L'agriculture et les chartreux

1 Le domaine agricole de Montagne

Le domaine de montagne des chartreux peut se diviser en deux parties : celles exploitées directement par les chartreux à partir de la ferme du site et dans leurs deux granges : Montavert et le fief des chaumes et les propriétés en métairies qui sont les plus nombreuses. Ce domaine s'est constitué à partir de donations,d'achats d'échanges. Il faut se rappeler que selon l'ancienne législation, les tenanciers qui ne pouvaient s'acquitter des cens annuels ne pouvaient vendre les terres féodales à d'autres qu'aux anciens seigneurs de ces terres et les famines les épidémies qui ont régulièrement frappées la région ont favorisées ces rachats.   

    • A la chartreuse, les frères chartreux, les convers assurent la gestion du domaine agricole sous la direction du procureur. Leur vie se partage entre temps de prière dans l’église et le travail à l’extérieur ou dans le cellier. Mais cet emploi du temps varie selon les époques de l’année, les temps de prières sont diminués pendant la grande activité agricole au printemps et en été. En dehors des frères convers, d'autres personnes interviennent pour assurer les différentes tâches agricoles et autres. Ce sont les donnés ou oblats qui vivent temporairement ou définitivement à la chartreuse dans le but d’expier leurs péchés ou à la suite d’un vœu. Ils suivent les mêmes « coutumes » que les frères convers. Et enfin ce sont surtout les ouvriers agricoles qui sont les « employés » de la Correrie ou des domaines. Ils sont rémunérés pour leur travail et ne participent pas à la vie religieuse du monastère. Ils résident dans les communes avoisinantes dans de petites maisons, " les maisons de journaliers " qui se retrouvent encore dans les villages autour du monastère. Enfin les métayers peuvent aussi avoir à assurer des journées de charroies ou de manoeuvres, de bohades (fourniture d'une paire de bœufs ou d'une charrette, pour transporter du vin) ou vinades (fourniture de deux paires de bœufs ou d'une charrette, pour transporter du vin) en dehors des versements en nature.  
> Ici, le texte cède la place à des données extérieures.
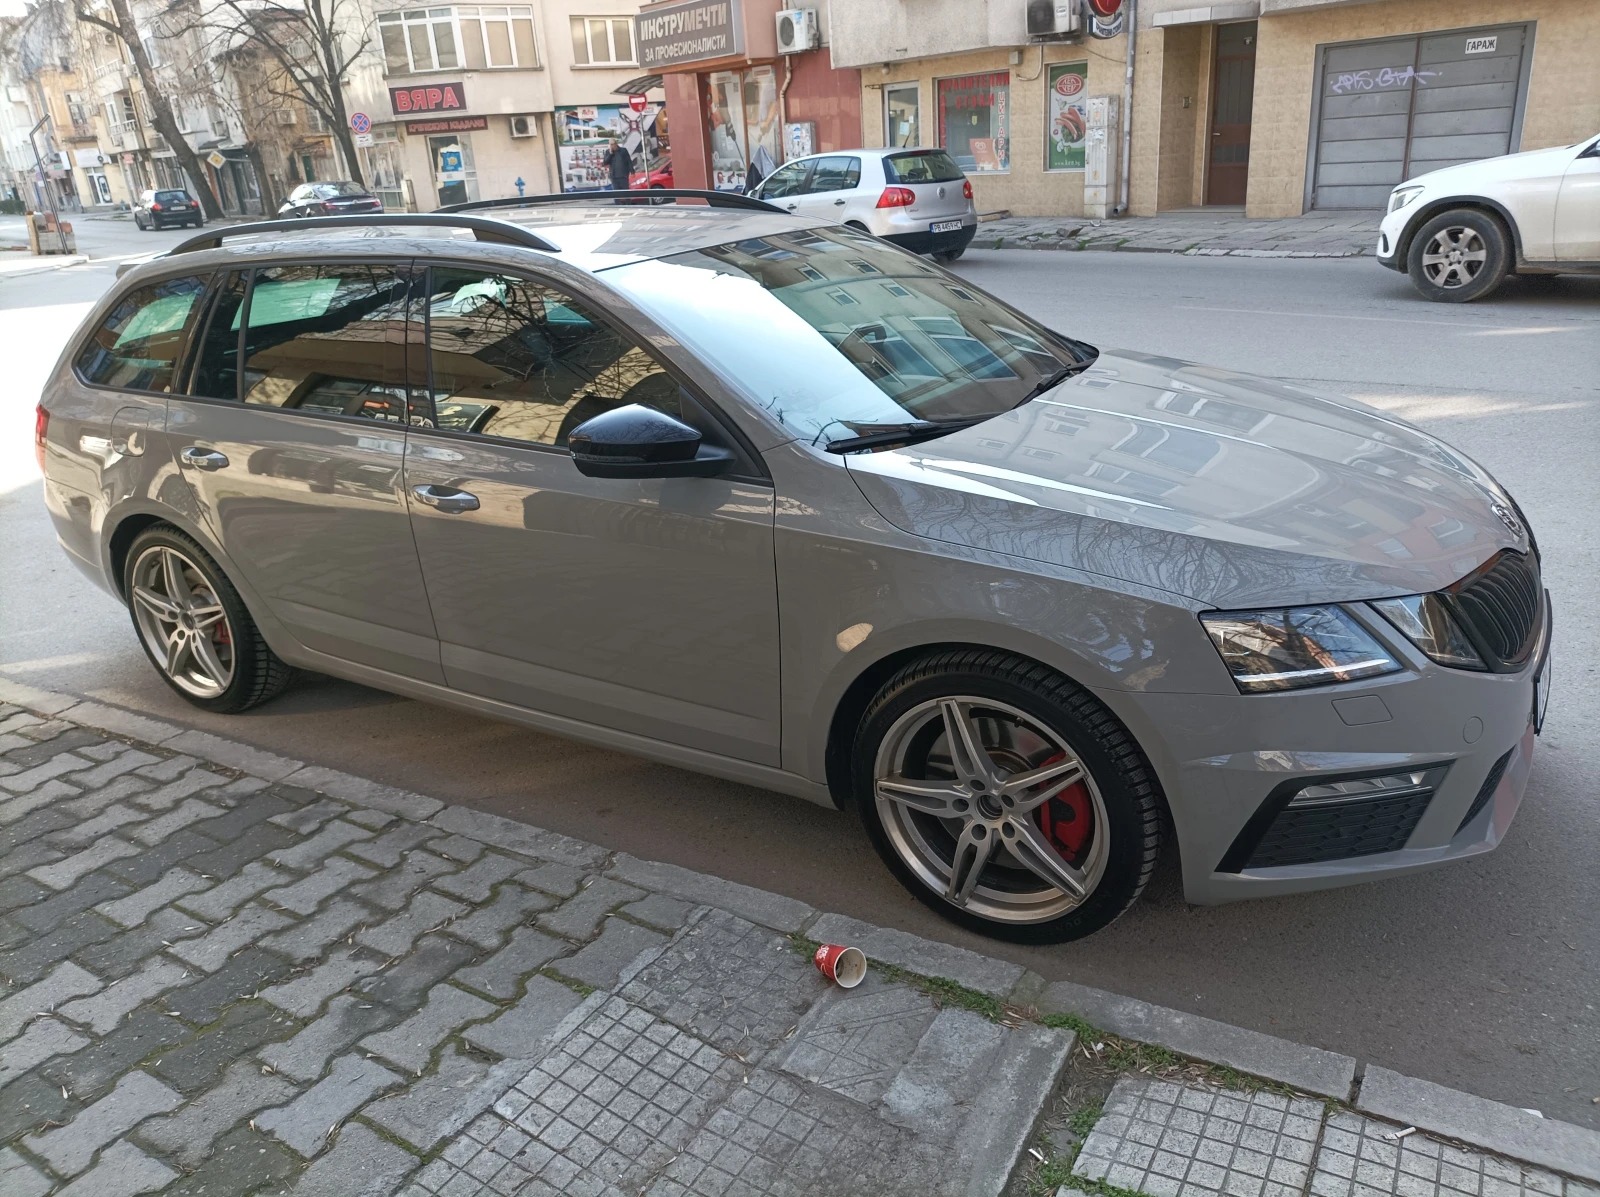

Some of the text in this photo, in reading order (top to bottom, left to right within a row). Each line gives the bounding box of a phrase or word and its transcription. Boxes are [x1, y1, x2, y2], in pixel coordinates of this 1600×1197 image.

[640, 3, 727, 41] ИНСТРУМЕЧТИ
[645, 34, 726, 62] ЗА ПРОФЕСИОНАЛИСТИ
[1466, 39, 1496, 52] ГАРАЖ
[940, 72, 1010, 92] ХРАНИТЕЛНИ
[395, 87, 460, 111] ВЯРА
[956, 93, 995, 109] СТОКИ
[997, 91, 1006, 161] ЦИГАРИ
[934, 223, 942, 232] PB
    • Les mas, métairies des chartreux sont de dimensions variables maisons, courtils, terres, prés, patûres, garennes et bois généralement situés prés d’un point d’eau. Ils sont séparés les uns des autres souvent par un accident naturel de terrain, ruisseau ou par une rangée d’arbres. Ces mas semblent avoir été acensés le plus souvent à une même famille mais les chartreux perçoivent des redevances soient en nature soient mixtes.  ils se réservent la seigneurie, la protection des forêts et souvent 1/3 denier des ventes.
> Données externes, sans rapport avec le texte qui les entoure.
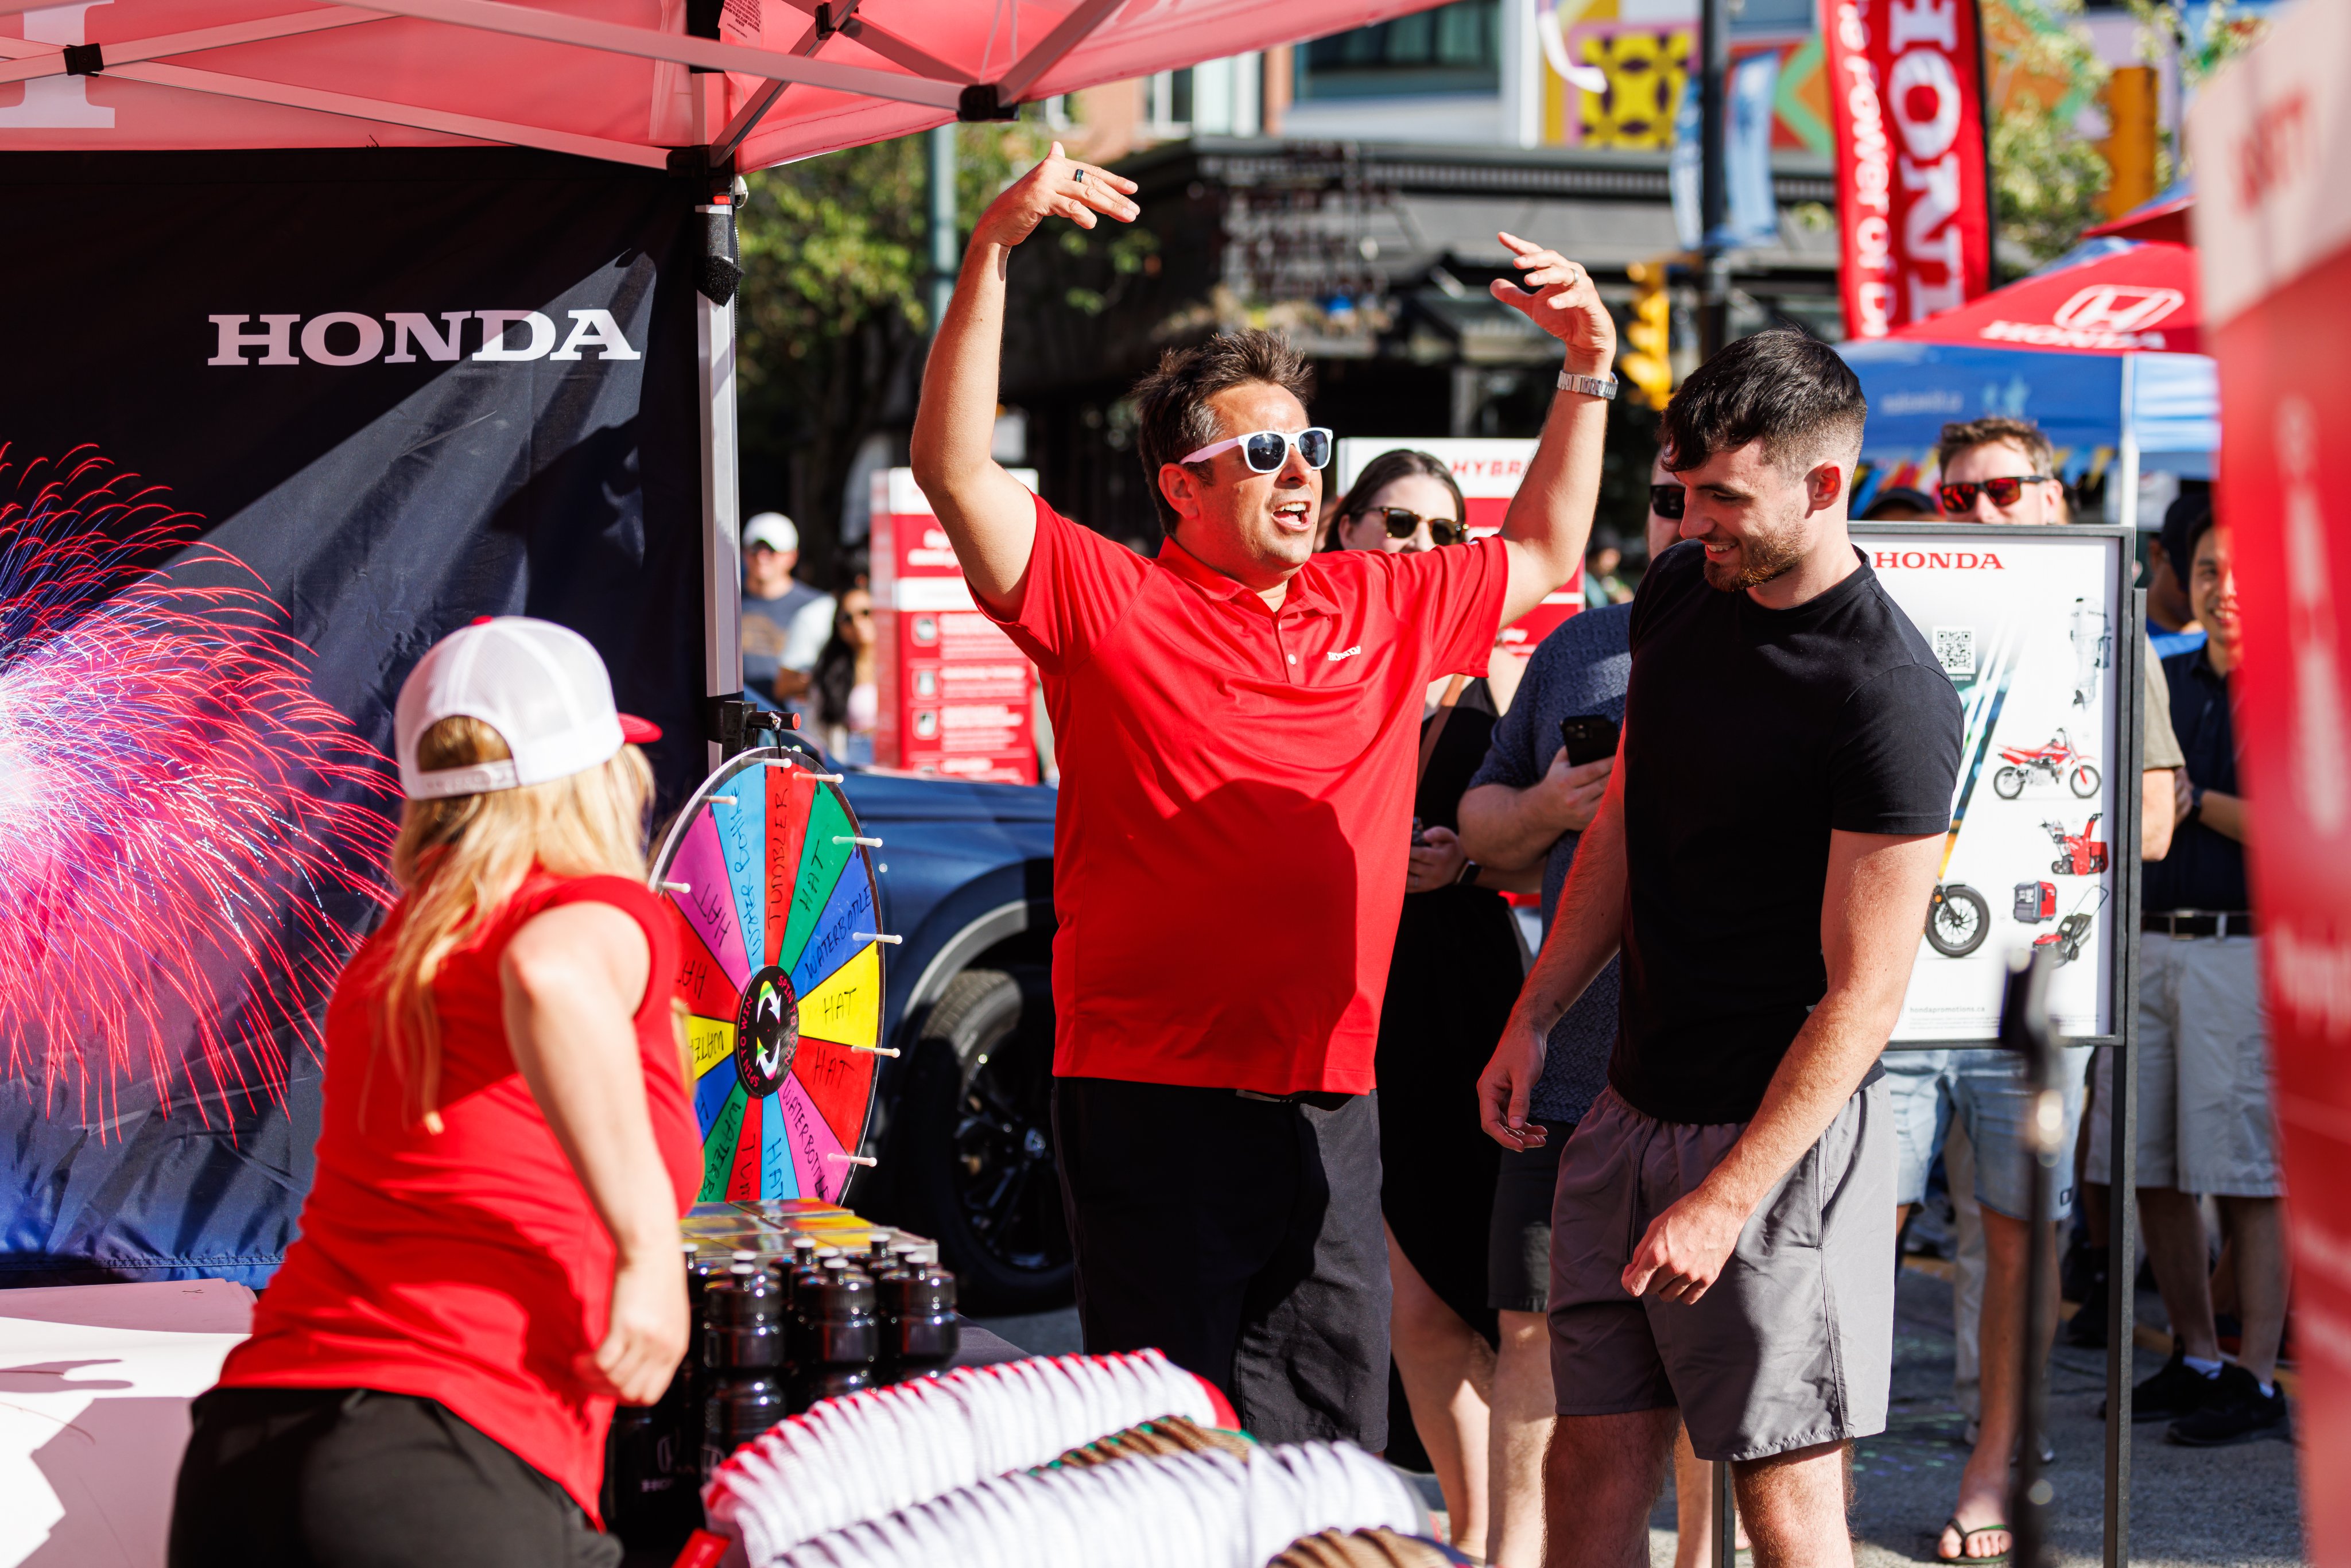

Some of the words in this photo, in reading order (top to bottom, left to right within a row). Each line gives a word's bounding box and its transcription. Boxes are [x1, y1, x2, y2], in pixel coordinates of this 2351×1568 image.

[208, 309, 641, 366] HONDA
[1873, 552, 2005, 569] HONDA
[767, 788, 788, 930] TUMBLER
[798, 839, 825, 913] HAT
[690, 883, 731, 948] HAT
[677, 960, 707, 1000] HA
[777, 976, 794, 1003] SPIN
[740, 996, 754, 1031] WIN
[790, 1007, 797, 1026] TO
[824, 987, 857, 1025] HAT
[1910, 1006, 1985, 1014] hondapromotions.ca
[739, 1035, 747, 1057] TO
[784, 1032, 797, 1066] WIN
[742, 1062, 760, 1088] SPIN
[813, 1046, 855, 1090] HAT
"il lui appartient de plus dix petites métairies situées dans un païs de montagne qui peuvent rapporter tant en croit de bétail qu'en récoltes de grains , l'une portant l'autre 200 livres" ( déclaration de revenus 1729) 
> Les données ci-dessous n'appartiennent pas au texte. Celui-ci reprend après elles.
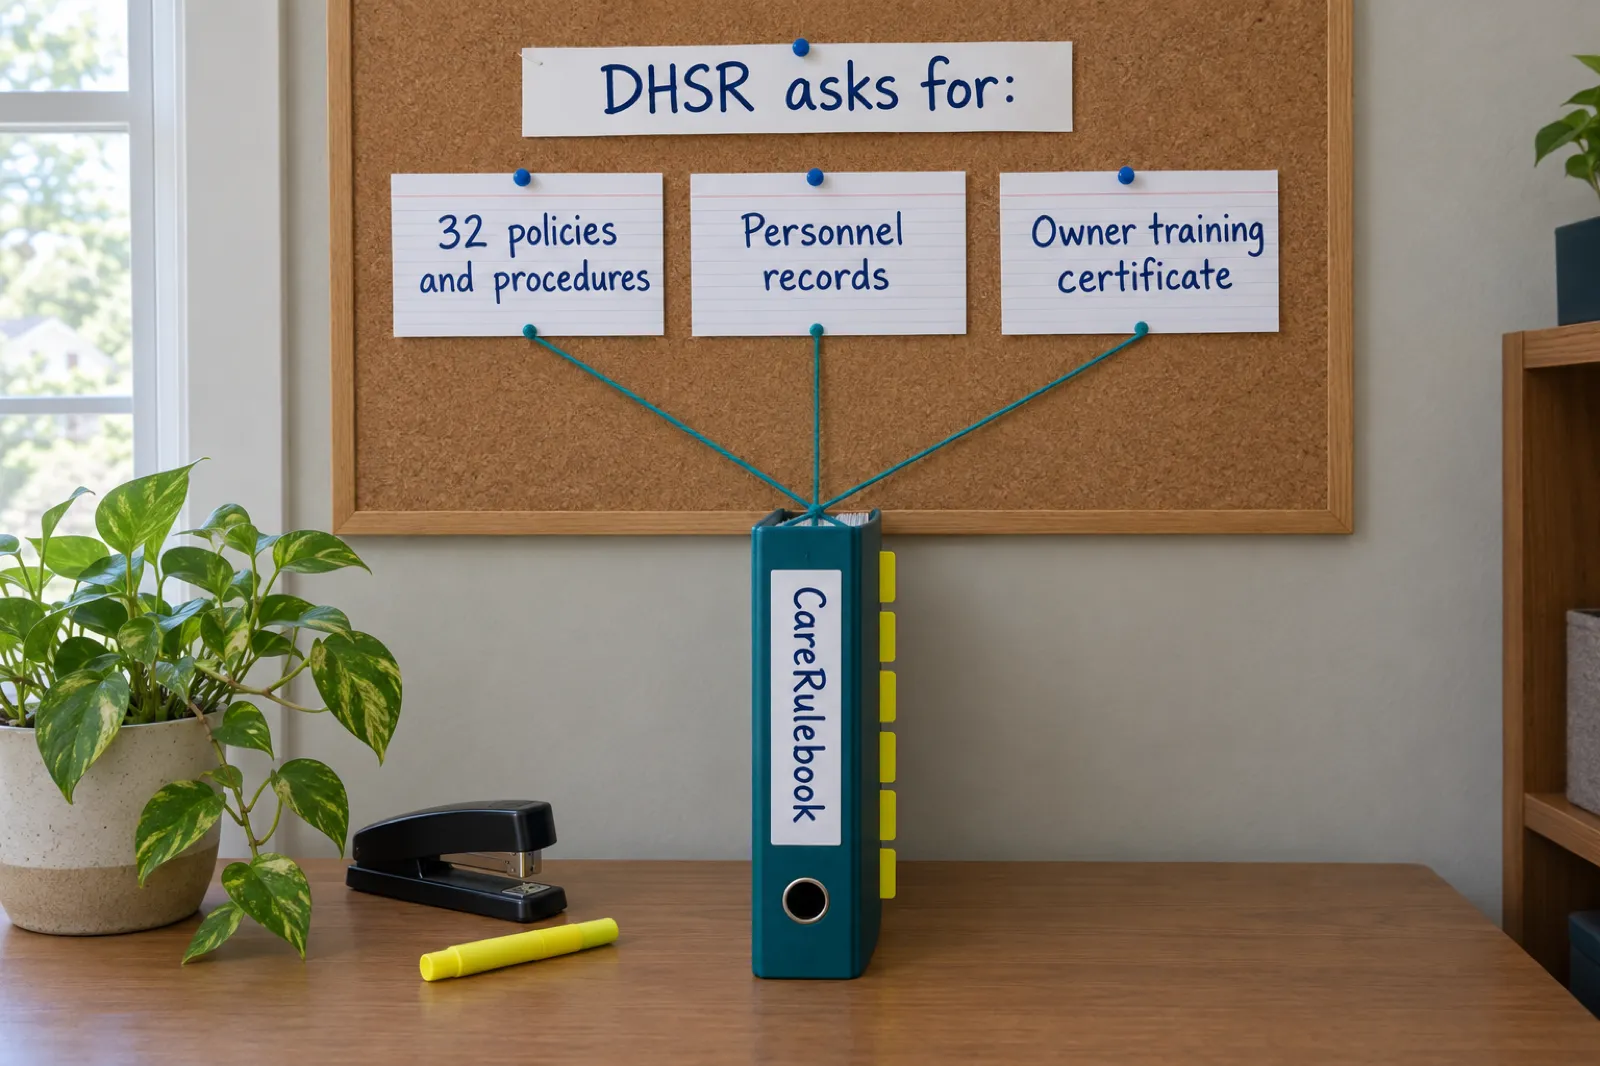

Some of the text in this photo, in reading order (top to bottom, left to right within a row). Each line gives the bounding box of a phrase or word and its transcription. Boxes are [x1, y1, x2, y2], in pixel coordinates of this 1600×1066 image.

L'études des baux  de 1770  par E. Montpied et A. et M. Faure montre que, s'ils sont d'une grande précision, ces baux différent peu des clauses des autres baux de cette région des Combrailles. Par leur étude, on peut remarquer :

  •  le maintien de lignée d'exploitants : Rossignol à Montavert , Pailhoux à Rossignol.
  • la stabilité des structures d'exploitation même chiffre de boeufs arants, évaluation du cheptel équivalente.

M.Roumy   

La vente du domaine de Maix en 1702 citée par l'Abbé Mioche, nous permet de mieux connaitre le contenu d'un de ces domaines 

"Voici l'état de bâtiment du domaine de Maix :

« ….1 Une maison avec une petite chambre, un petit grenier au-dessus de ladite chambre, et un estable entre ladite maison et ladite chambre

avec un four joignant à la taupeine dudit bâtiment et un petit estable de pourceau audessous, le tout contigu avec ses aisances;

2 Une grange d'en haut avec deux estable attouchant avec leurs aisances;

3 Un petit estable, proche de. deux cy devant,la bar­rière entre deux;

4 Deux autres granges avec un estable de brebis, le tout contigu avec les aisances. »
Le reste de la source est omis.